[Images for object localization]

--------------------

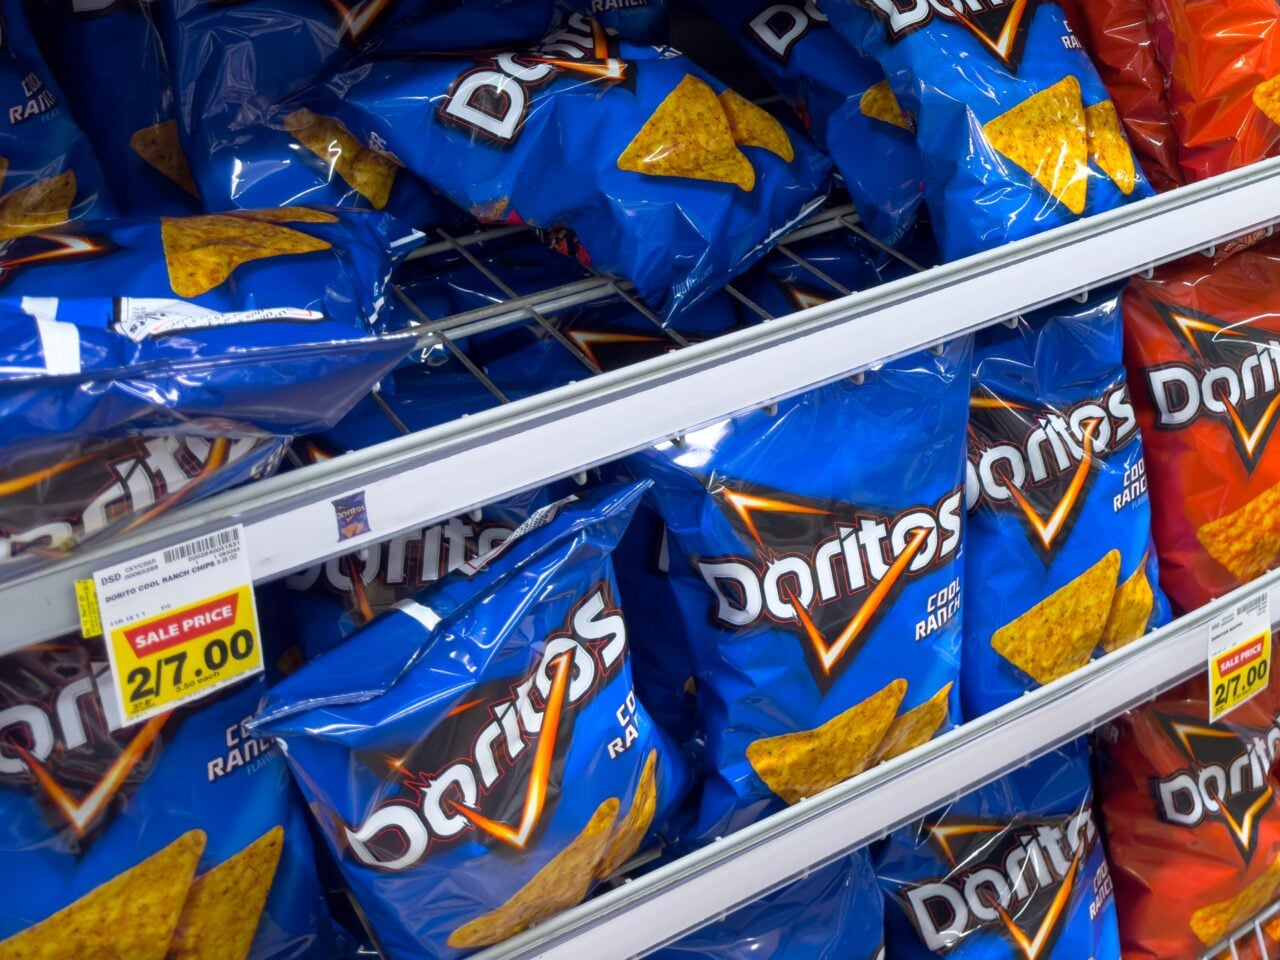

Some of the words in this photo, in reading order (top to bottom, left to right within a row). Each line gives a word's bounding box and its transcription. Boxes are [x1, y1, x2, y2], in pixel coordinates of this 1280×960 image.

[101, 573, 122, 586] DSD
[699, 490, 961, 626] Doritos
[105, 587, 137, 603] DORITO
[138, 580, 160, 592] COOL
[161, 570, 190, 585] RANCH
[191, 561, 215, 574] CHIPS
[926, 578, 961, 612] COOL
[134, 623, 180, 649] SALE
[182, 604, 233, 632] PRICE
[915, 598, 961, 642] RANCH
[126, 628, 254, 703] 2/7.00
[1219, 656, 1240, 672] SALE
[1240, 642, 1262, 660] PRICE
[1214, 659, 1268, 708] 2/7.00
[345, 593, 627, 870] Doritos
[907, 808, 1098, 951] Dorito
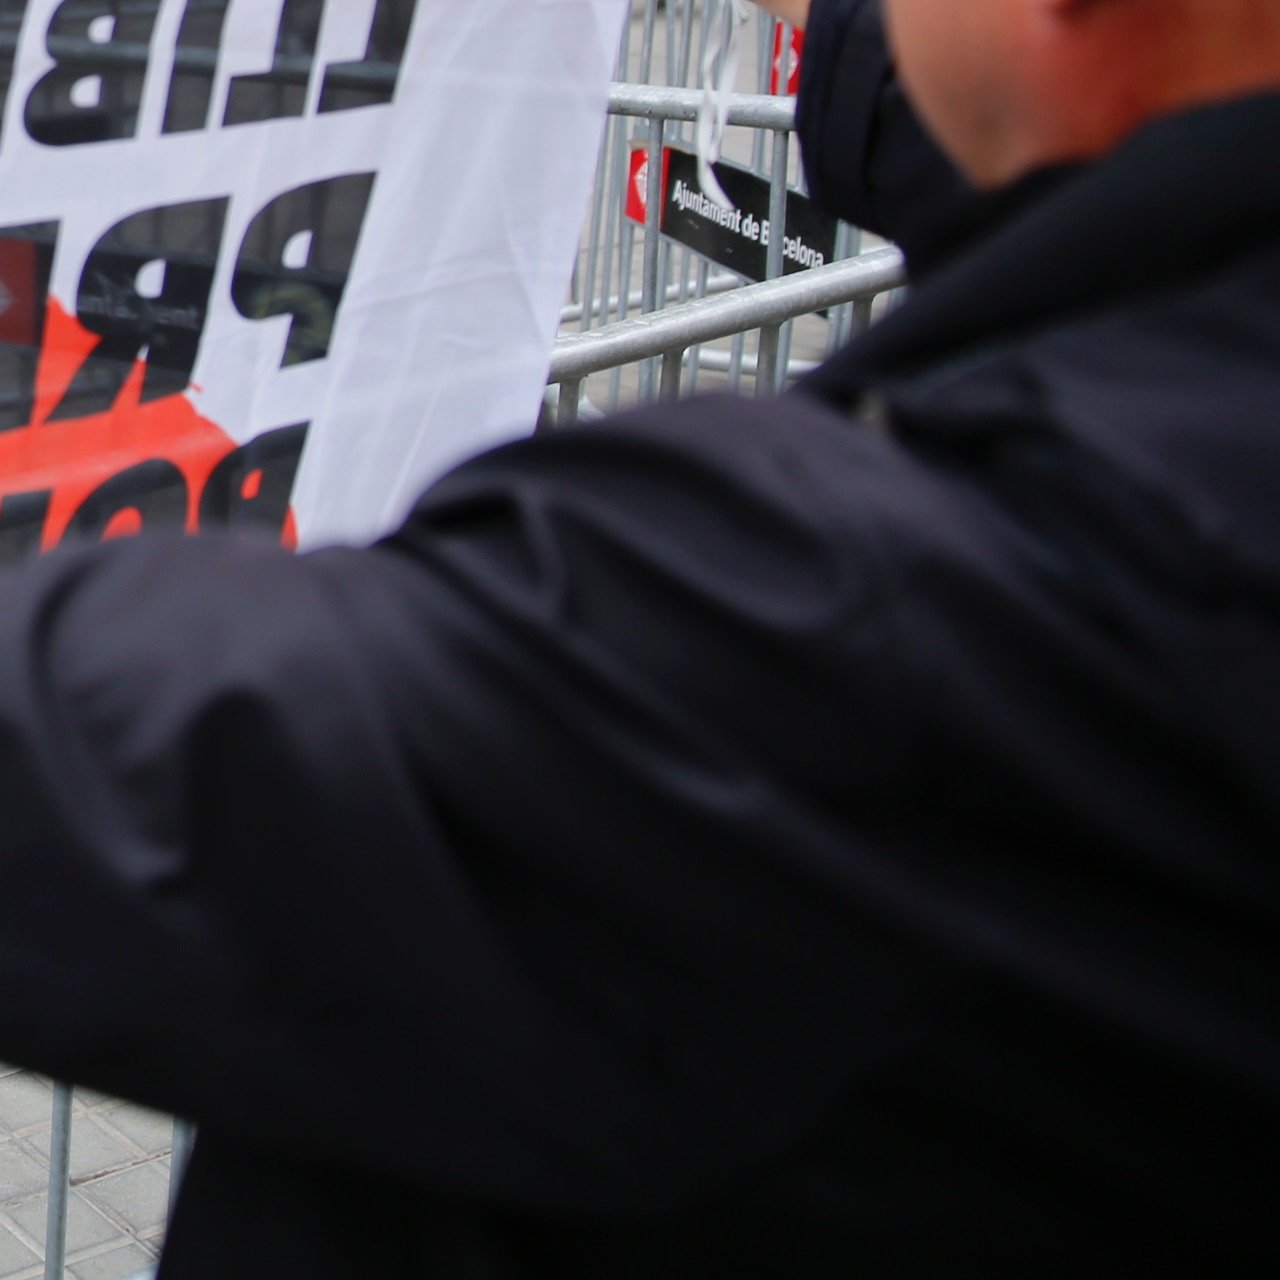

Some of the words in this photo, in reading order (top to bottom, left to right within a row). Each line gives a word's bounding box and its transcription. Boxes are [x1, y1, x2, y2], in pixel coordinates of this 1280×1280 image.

--------------------

§ Task goal: The reply must contain every entry above, exactly as written, and none of the pictures.

§ Result of the exercise:
Some of the words in this photo, in reading order (top to bottom, left to right within a row). Each line gives a word's bounding box and its transcription. Boxes are [x1, y1, x2, y2], in pixel coordinates of this 1280×960 image.

[101, 573, 122, 586] DSD
[699, 490, 961, 626] Doritos
[105, 587, 137, 603] DORITO
[138, 580, 160, 592] COOL
[161, 570, 190, 585] RANCH
[191, 561, 215, 574] CHIPS
[926, 578, 961, 612] COOL
[134, 623, 180, 649] SALE
[182, 604, 233, 632] PRICE
[915, 598, 961, 642] RANCH
[126, 628, 254, 703] 2/7.00
[1219, 656, 1240, 672] SALE
[1240, 642, 1262, 660] PRICE
[1214, 659, 1268, 708] 2/7.00
[345, 593, 627, 870] Doritos
[907, 808, 1098, 951] Dorito

Some of the words in this photo, in reading order (top to bottom, left to right within a row). Each line gives a word's bounding box and its transcription. Boxes are [x1, y1, x2, y2], in pixel coordinates of this 1280×1280 image.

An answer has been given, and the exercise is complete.